• **Exercise brief**:
The entries below are to be repeated exactly, and their pictures left out.

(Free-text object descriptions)
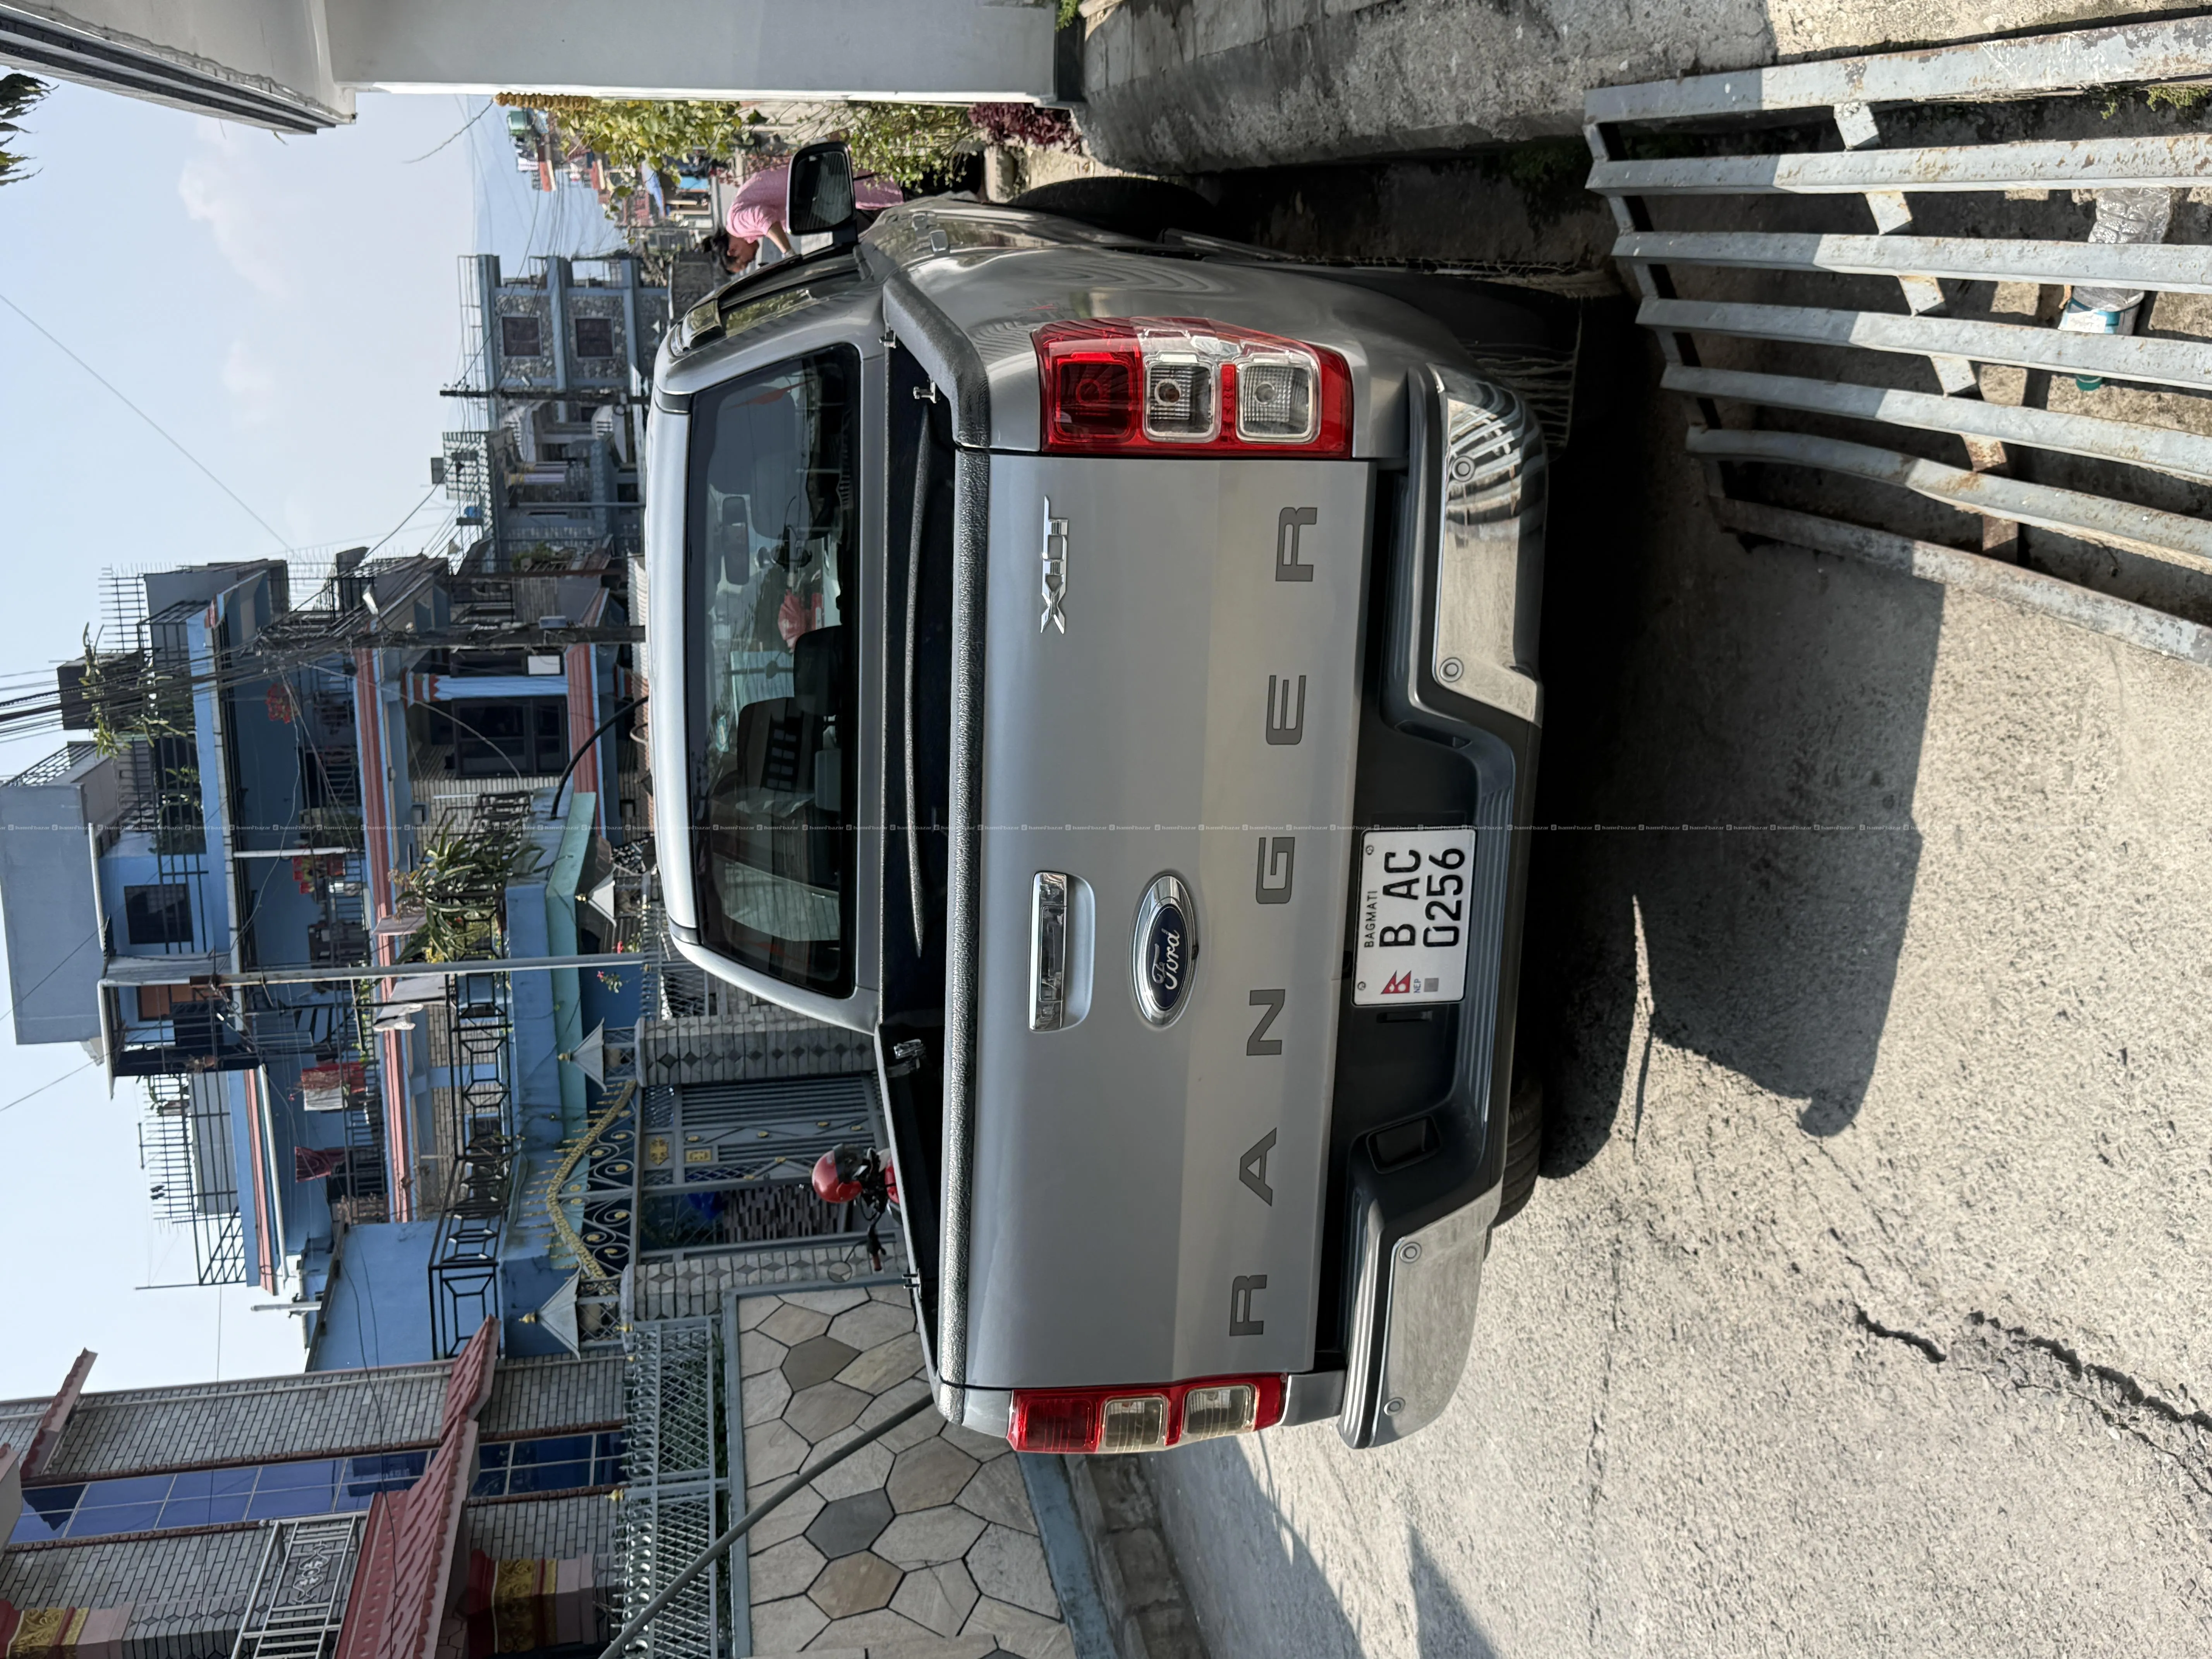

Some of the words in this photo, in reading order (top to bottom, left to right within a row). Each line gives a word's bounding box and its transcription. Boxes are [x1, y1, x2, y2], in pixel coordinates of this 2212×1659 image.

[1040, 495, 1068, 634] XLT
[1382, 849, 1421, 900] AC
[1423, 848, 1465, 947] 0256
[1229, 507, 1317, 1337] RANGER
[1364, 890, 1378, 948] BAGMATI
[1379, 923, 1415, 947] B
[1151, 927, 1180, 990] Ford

• **Your solution**:
Some of the words in this photo, in reading order (top to bottom, left to right within a row). Each line gives a word's bounding box and its transcription. Boxes are [x1, y1, x2, y2], in pixel coordinates of this 2212×1659 image.

[1040, 495, 1068, 634] XLT
[1382, 849, 1421, 900] AC
[1423, 848, 1465, 947] 0256
[1229, 507, 1317, 1337] RANGER
[1364, 890, 1378, 948] BAGMATI
[1379, 923, 1415, 947] B
[1151, 927, 1180, 990] Ford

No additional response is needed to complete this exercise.